Автор книги: Андрей Таманцев


Жанр:

   

Боевики


сообщить о нарушении

Текущая страница: 18 (всего у книги 22 страниц)

ГЛАВА ТРИДЦАТЬ ВОСЬМАЯ

Москва

8 июля 200… года, 21.37

Скрип железного засова. Неконтролируемый страх. Здесь волчий мир, здесь его ненавидят. Кажется, все Лефортово знает, что он бывший гэбист. Каждый новый сокамерник появлялся со злобной ухмылочкой, предвкушающей садистские радости. Заканчивалось это с каждым разом все хуже и хуже… И все знали его фамилию – Петухов. Она была здесь вдвойне опасна.

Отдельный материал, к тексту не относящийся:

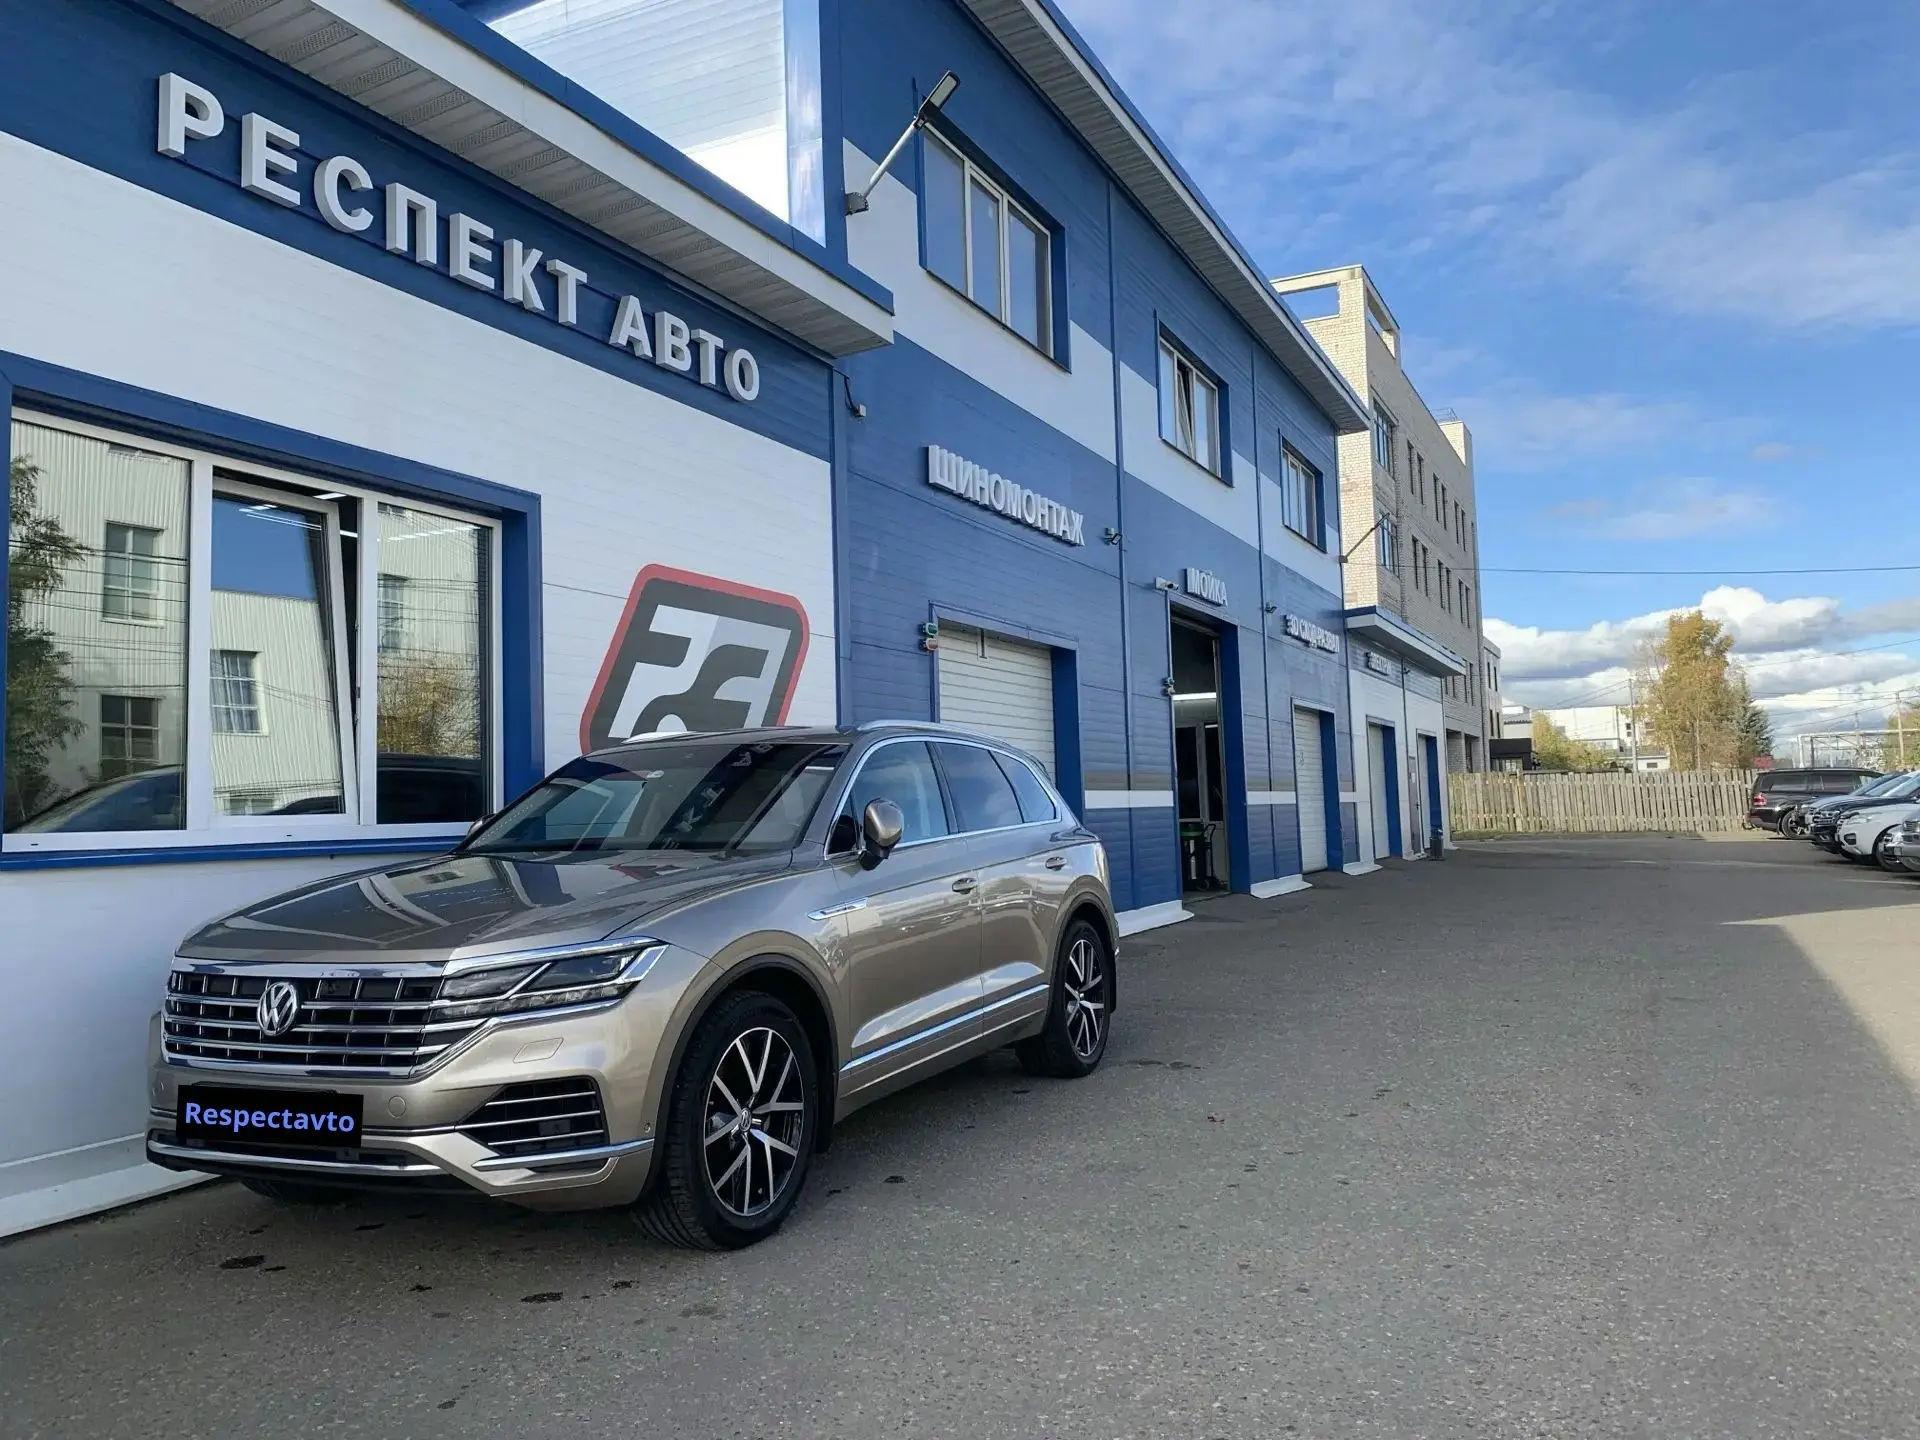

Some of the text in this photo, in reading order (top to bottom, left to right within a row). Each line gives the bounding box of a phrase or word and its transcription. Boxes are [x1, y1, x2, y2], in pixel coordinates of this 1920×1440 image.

[157, 72, 760, 402] РЕСПЕКТ АВТО
[928, 444, 1085, 547] ШИНОМОНТАЖ
[1187, 567, 1228, 606] МОЙКА

Во– первых, этимологически. Раньше никогда в голову бы не пришло думать о ее тюремном смысле. Но здесь она сразу же определяла отношение сокамерников.

Во– вторых, у зэков долгая память. Они забудут имя матери, но человека, который упрятал их сюда, будут помнить до самой смерти. А мент и гэбэшник для зэка одно и то же. Про него здесь узнали сразу. И Петухов догадывался, что не без помощи солдат удачи. Это значит, что долго он здесь не протянет. Нужно выбираться отсюда или просить защиты… Но у кого?

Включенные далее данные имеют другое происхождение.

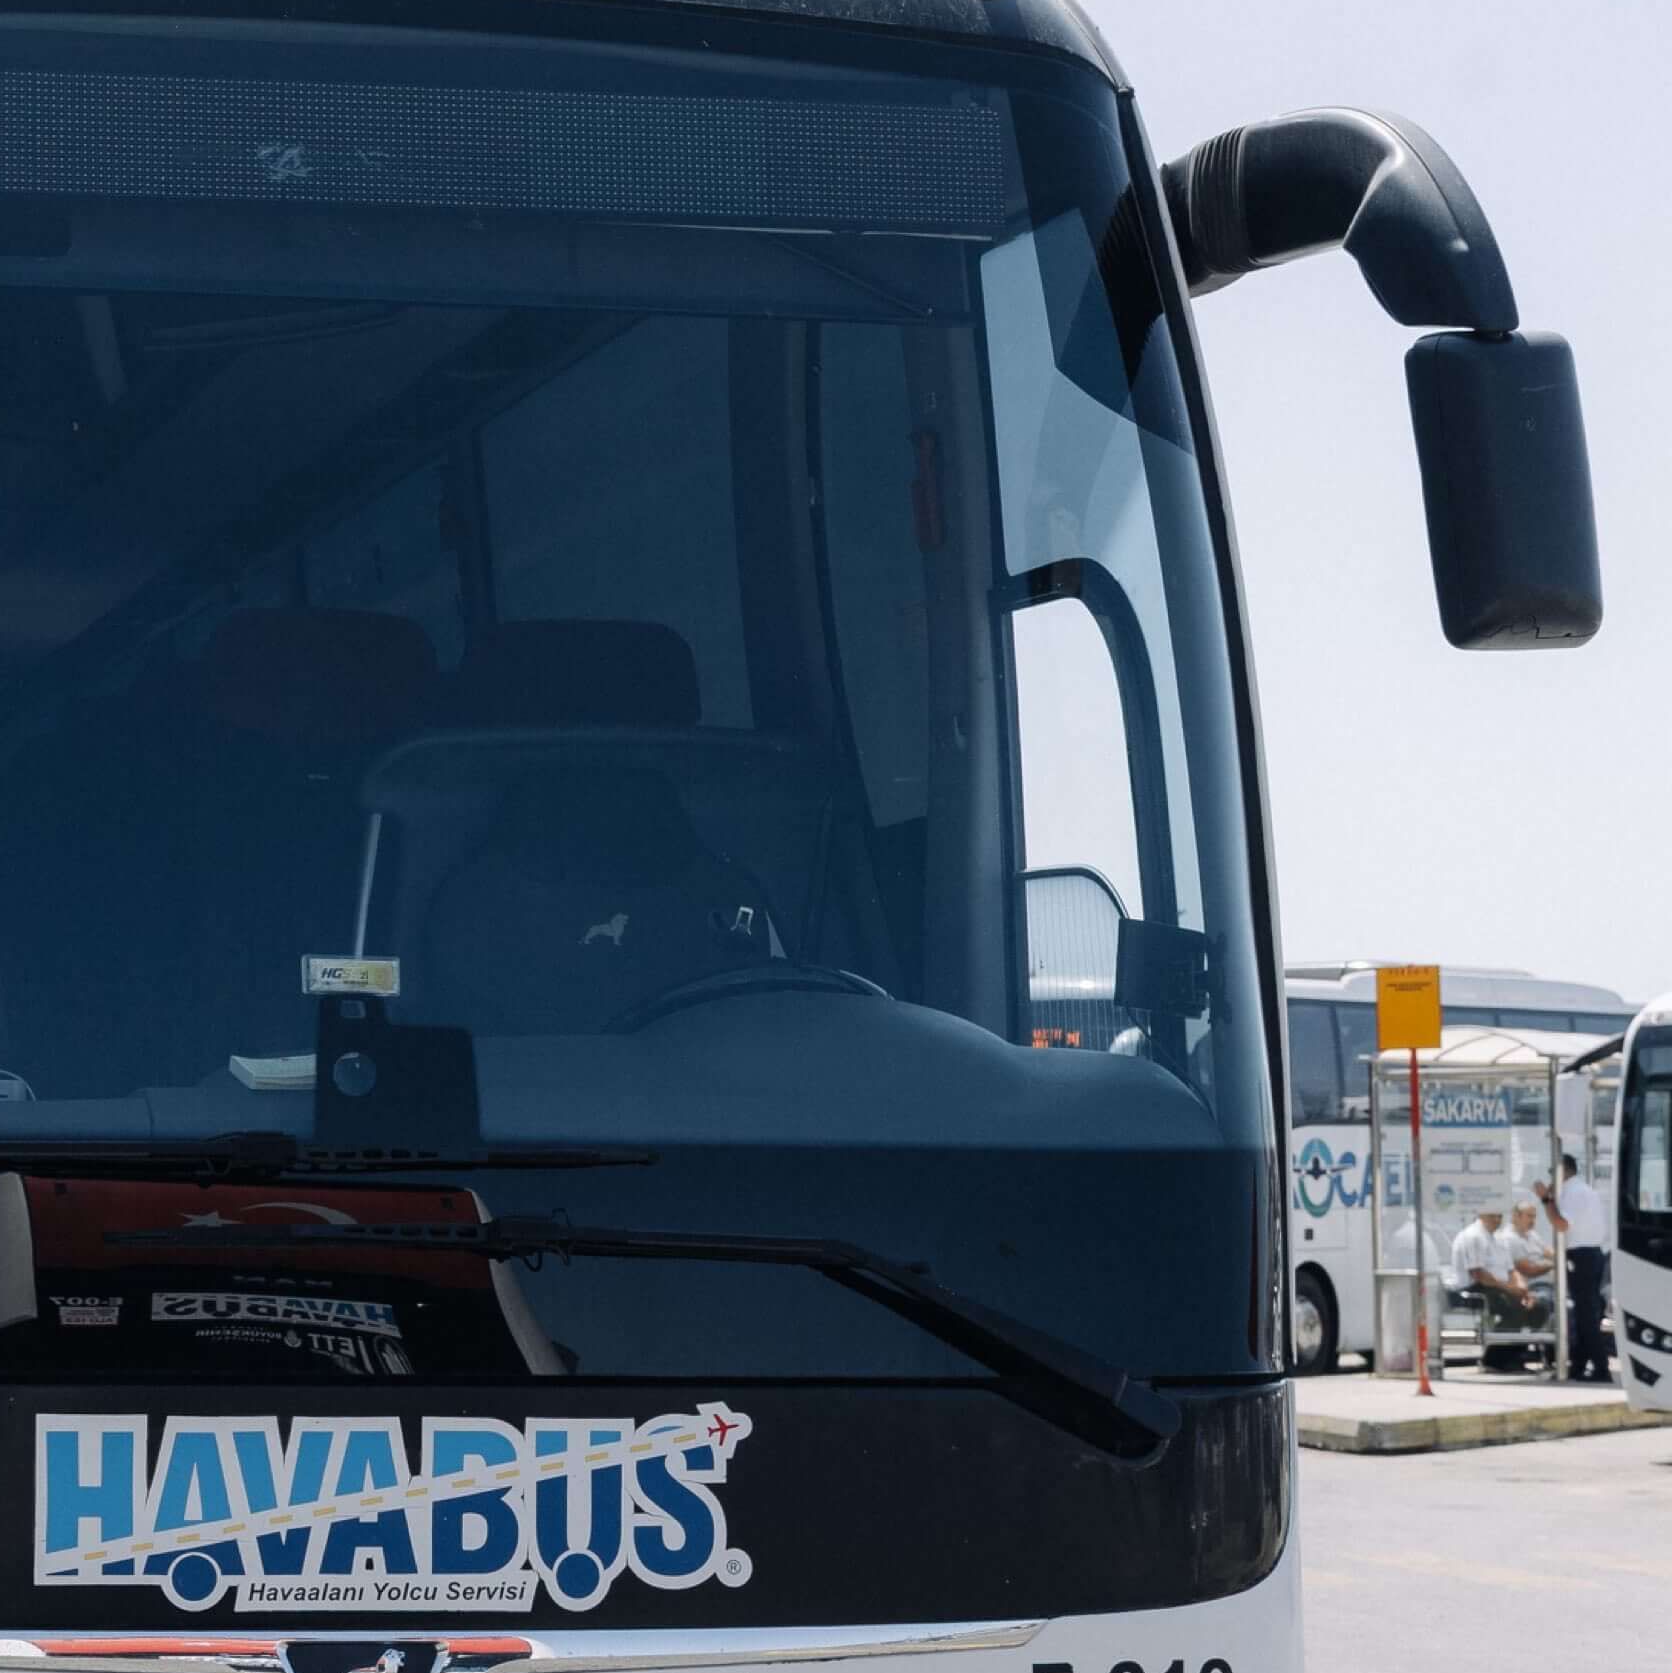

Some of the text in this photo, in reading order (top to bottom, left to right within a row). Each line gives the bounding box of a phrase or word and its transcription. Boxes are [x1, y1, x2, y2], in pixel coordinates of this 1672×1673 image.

[1424, 1097, 1508, 1123] SAKARYA
[45, 1425, 715, 1578] HAVABUS
[248, 1580, 528, 1602] Havaalanı Yolcu Servisi

Благодетелей у него уже не осталось. Наоборот, Петухов был уверен, что в сокамерники ему специально подбирали мокрушников. Именно подбирали! Все не случайно. Все было один к одному. Уж он-то знал технологию постепенной ломки заключенного. Сам не раз устраивал такое. Только зачем Голубкову все это?

Вошел контролер, но, к счастью, с ним не было нового сокамерника.

– К вам пришли. Собирайтесь.

– С вещами?

– Размечтался. Тебе еще долго сидеть… Давай пошевеливайся…

Его провели в комнату для допросов. За столом следователя сидел генерал Голубков. Он молча несколько минут рассматривал разбитое лицо Петухова, сломанный нос (память о последнем соседе).

– Вы изменились, майор.

– Оставьте ваши издевательства, генерал. Я долго здесь не протяну Помогите.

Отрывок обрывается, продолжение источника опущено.